Now that’s a Hitchcockian twist.

Too bad it never made it into the final film.

There are conflicting reports as to why the ending was changed—that either Grant himself or his studio did not want him portrayed as a villain.  Fontaine writes in her autobiography that it was early test audiences that objected to Grant as a diabolical wife murderer.  Likely the production code also interfered with Hitchcock’s original vision.

Regardless as to why, the changed ending leaves Suspicion a bit of a mess.  We see the story through Lina’s eyes, and Johnny’s actions become suspicious, then sinister.  He gambles, he lies, he is angry when Lina’s father dies and she receives no inheritance. 

She believes he is going to kill her for her life insurance.  When he brings her the milk featured in the novel, she’s afraid to drink it.  When he recklessly drives her to her mother’s house, she fears he’s going to push her out of the car and over a cliff.  In the end, he confesses that his bizarre behavior is because he is suicidal over the fact that he has embezzled money and will go to jail if he lives.

Grant and Fontaine in Suspicion (1941)

This unsatisfying twist unintentionally leaves Lina looking foolish, out of touch, and possibly insane for believing that her husband would harm her. 

Fontaine’s win shocked the audience, the public, Fontaine herself, and likely her sister, though de Havilland only spoke positively about Fontaine’s win in public.  At twenty-four years old, Fontaine was the youngest actress ever to win the Oscar at that time.

Gossip columnists, lead by Hedda Hopper and Louella Parsons had a field day writing about how de Havilland had been upstaged by her little sister. The public thought that the feud between the sisters began that night.  Throughout their lives, neither sister ever denied there was a feud, but both downplayed the role their Oscar duel played in it.

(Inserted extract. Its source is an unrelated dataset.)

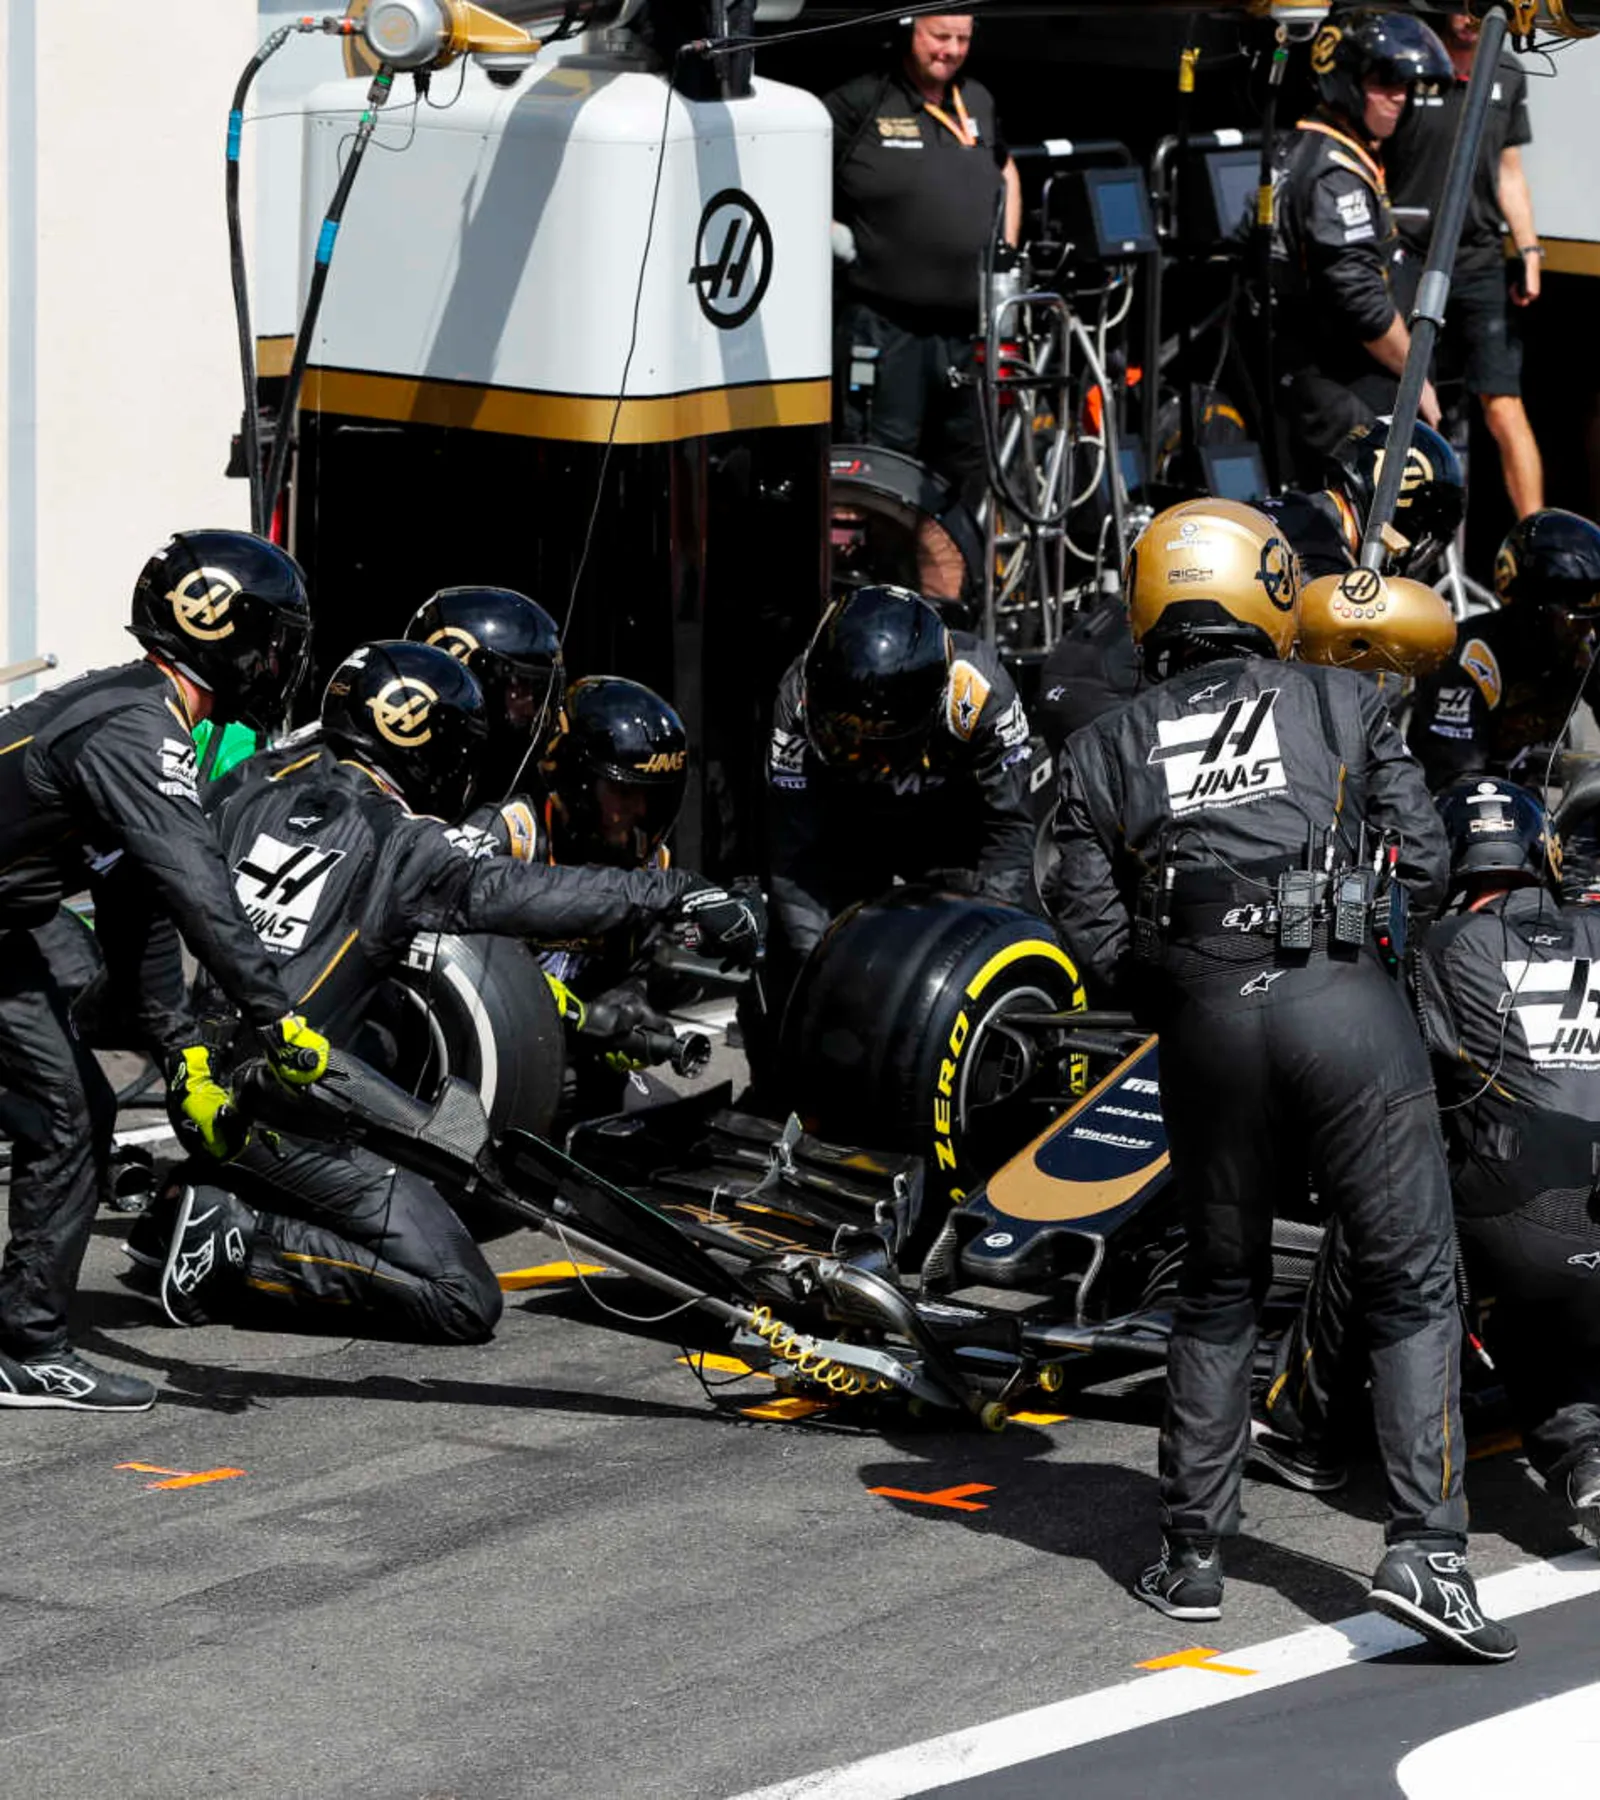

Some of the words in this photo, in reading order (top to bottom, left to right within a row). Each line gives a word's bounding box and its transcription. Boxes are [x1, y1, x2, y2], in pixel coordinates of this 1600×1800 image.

[1168, 567, 1214, 580] RICH
[633, 750, 687, 773] HAAS
[1170, 756, 1281, 800] HAAS
[933, 1010, 970, 1171] ZERO

Perhaps Joan said it best in a 1977 interview with Jeanne Wolf:

“Well, it [the feud] didn’t happen there [1941 Oscar competition].  I really think it happened when I was born.”

Over the next few weeks, we’ll explore the films of Olivia de Havilland and Joan Fontaine, their long running feud, and how their rivalry propelled them both to greatness.

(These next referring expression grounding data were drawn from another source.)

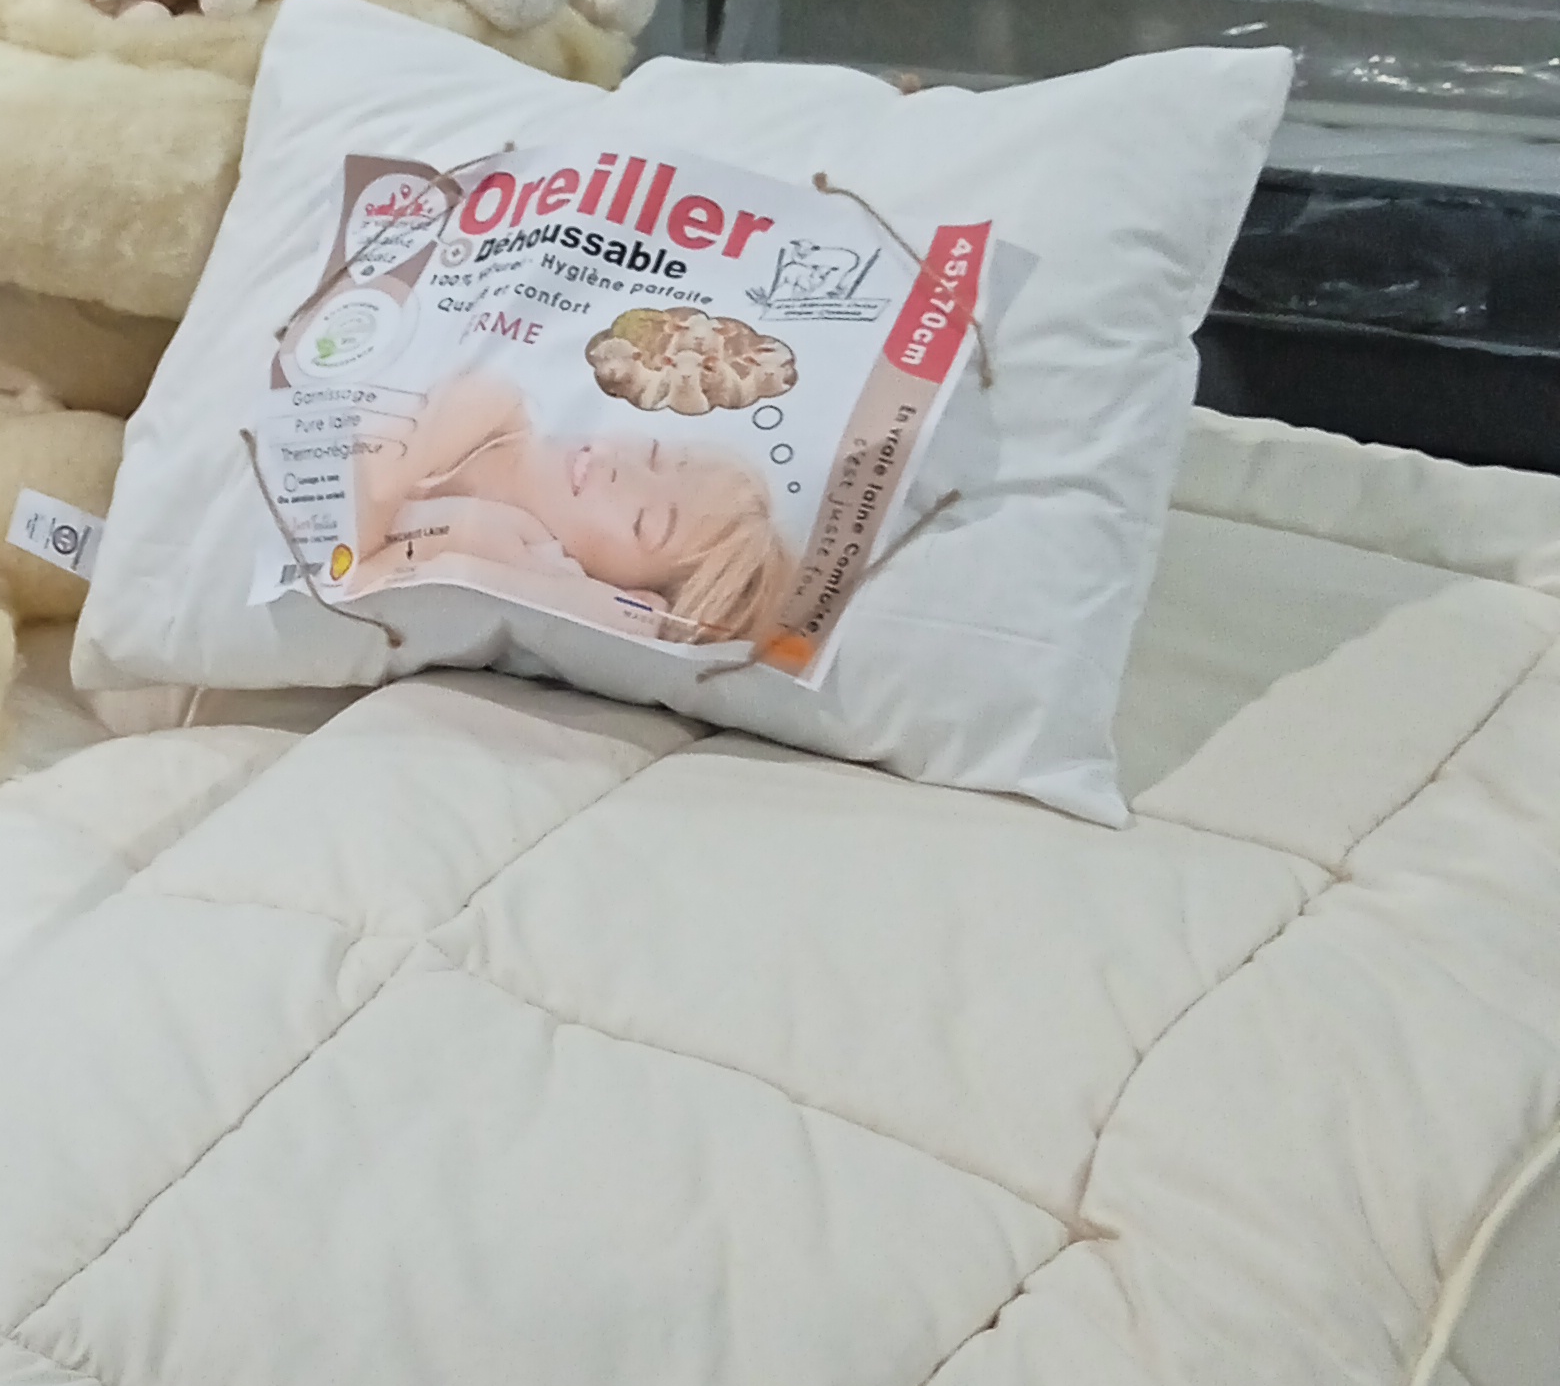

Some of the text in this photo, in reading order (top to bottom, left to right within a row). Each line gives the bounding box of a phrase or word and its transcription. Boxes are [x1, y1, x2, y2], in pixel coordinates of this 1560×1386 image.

[459, 152, 775, 259] Oreiller
[474, 224, 688, 279] Déhoussable
[513, 282, 591, 314] confort
[540, 253, 624, 292] Hygiène
[629, 282, 714, 305] parfaite
[900, 237, 974, 365] 45x70cm
[873, 428, 903, 476] vraie
[851, 483, 884, 535] laine

After all, where would Serena be without Venus?

Just don’t ask Olivia and Joan to play doubles.

Sources

  • Amburn, Ellis. Olivia de Havilland and the Golden Age of Hollywood.
  • Fontaine, Joan. No Bed of Roses.
  • Spoto, Donald. Spellbound by Beauty: Alfred Hitchcock and His Leading Ladies.
  • Wolf, Jeanne. 1977 interview with Joan Fontaine, found here.

Want more?  Click here for an index of all posts in the series, as well as source notes and suggested readings.

Leave Her to Heaven (1945): Tainted Love and Daddy Issues

“What’s wrong with Ellen?” her husband Dick, perhaps with a little buyer’s remorse, asks his mother-in-law.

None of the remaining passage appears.